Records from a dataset
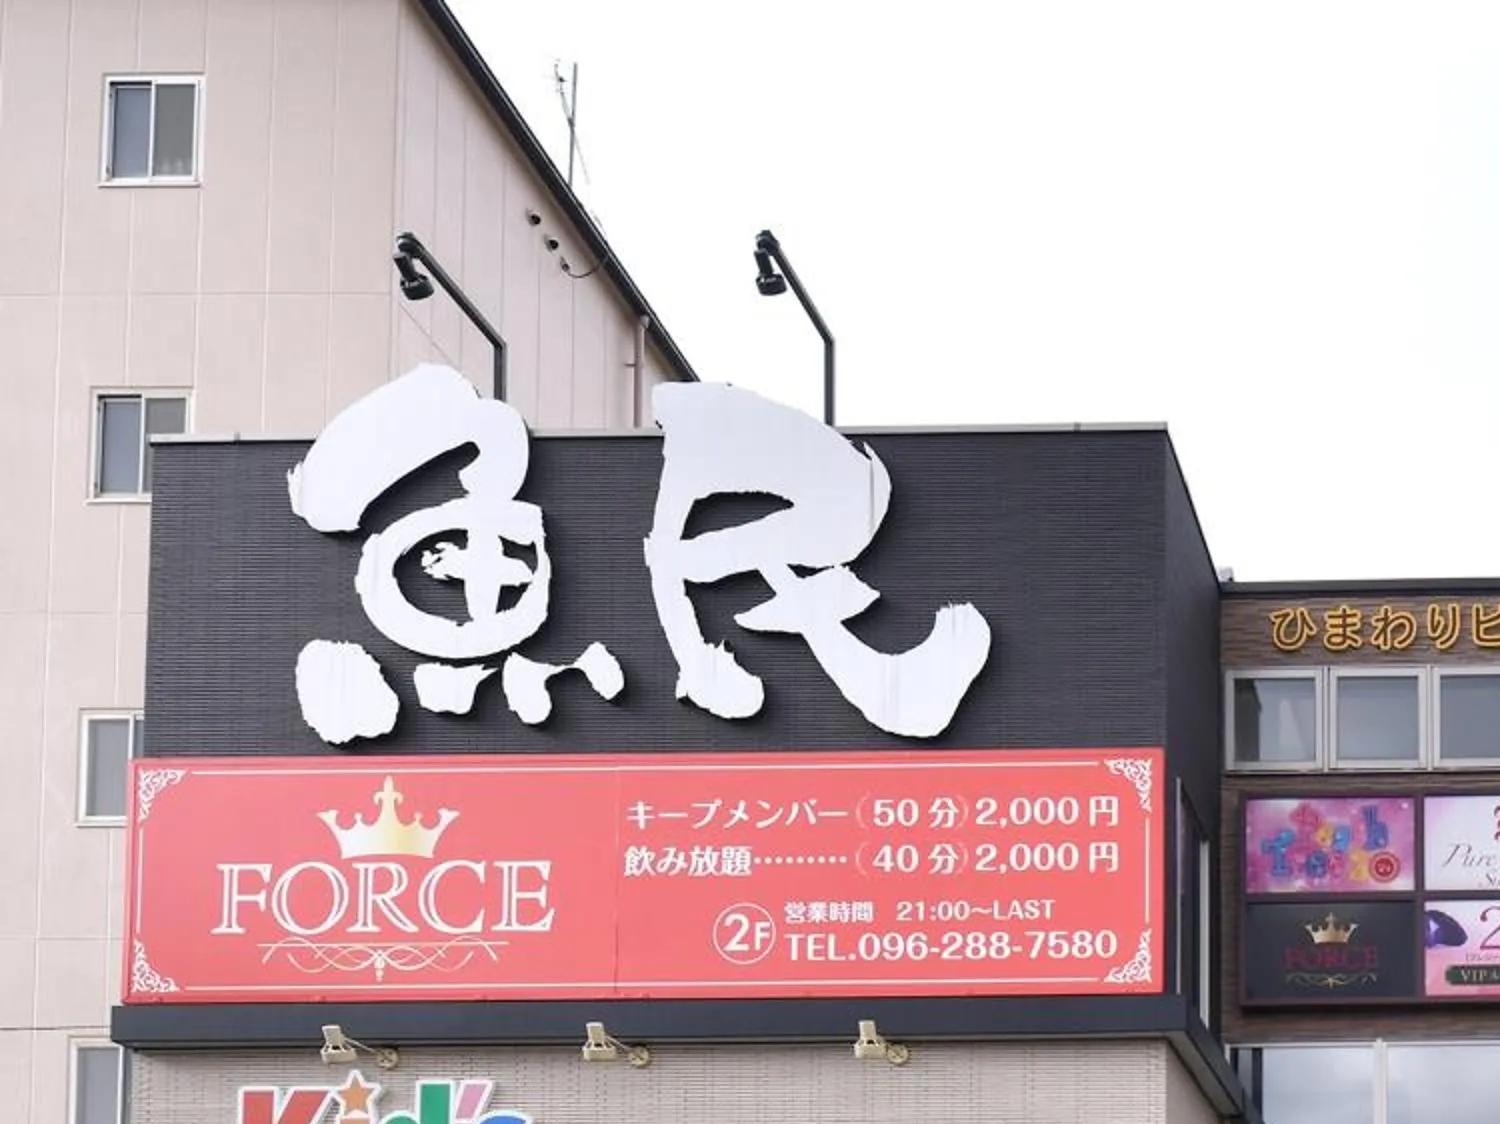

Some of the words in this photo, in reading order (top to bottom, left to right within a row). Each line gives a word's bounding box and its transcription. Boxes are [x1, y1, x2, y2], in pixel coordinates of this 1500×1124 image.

[287, 362, 991, 745] 魚民
[1440, 843, 1498, 869] Pure
[211, 861, 555, 935] FORCE
[784, 900, 875, 924] 営業時間
[722, 913, 771, 953] 2F
[785, 930, 1118, 960] TEL.096-288-7580
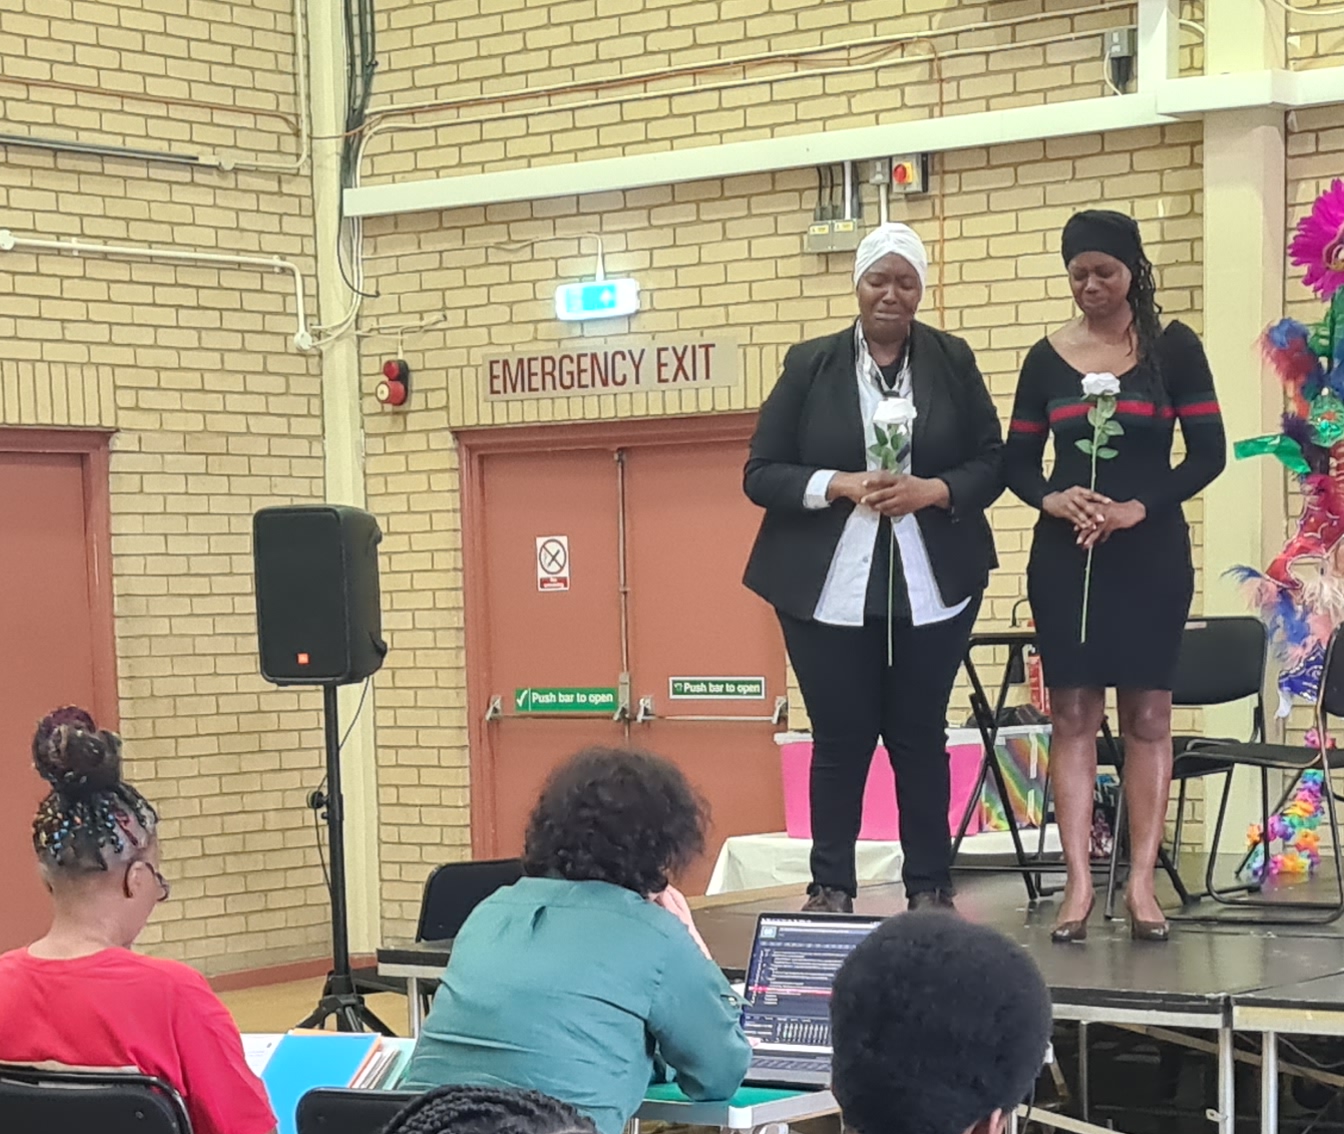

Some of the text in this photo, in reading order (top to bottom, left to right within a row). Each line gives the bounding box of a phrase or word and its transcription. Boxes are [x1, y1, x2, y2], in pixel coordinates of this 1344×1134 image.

[488, 343, 716, 395] EMERGENCY EXIT
[683, 682, 760, 695] Push bar to open
[531, 691, 613, 705] Push bar to open

### Prompt
Leave out all images, then reproduce the entries above exactly.

### Answer
Some of the words in this photo, in reading order (top to bottom, left to right within a row). Each line gives a word's bounding box and its transcription. Boxes are [x1, y1, x2, y2], in pixel coordinates of this 1500×1124 image.

[287, 362, 991, 745] 魚民
[1440, 843, 1498, 869] Pure
[211, 861, 555, 935] FORCE
[784, 900, 875, 924] 営業時間
[722, 913, 771, 953] 2F
[785, 930, 1118, 960] TEL.096-288-7580

Some of the text in this photo, in reading order (top to bottom, left to right within a row). Each line gives the bounding box of a phrase or word and its transcription. Boxes are [x1, y1, x2, y2], in pixel coordinates of this 1344×1134 image.

[488, 343, 716, 395] EMERGENCY EXIT
[683, 682, 760, 695] Push bar to open
[531, 691, 613, 705] Push bar to open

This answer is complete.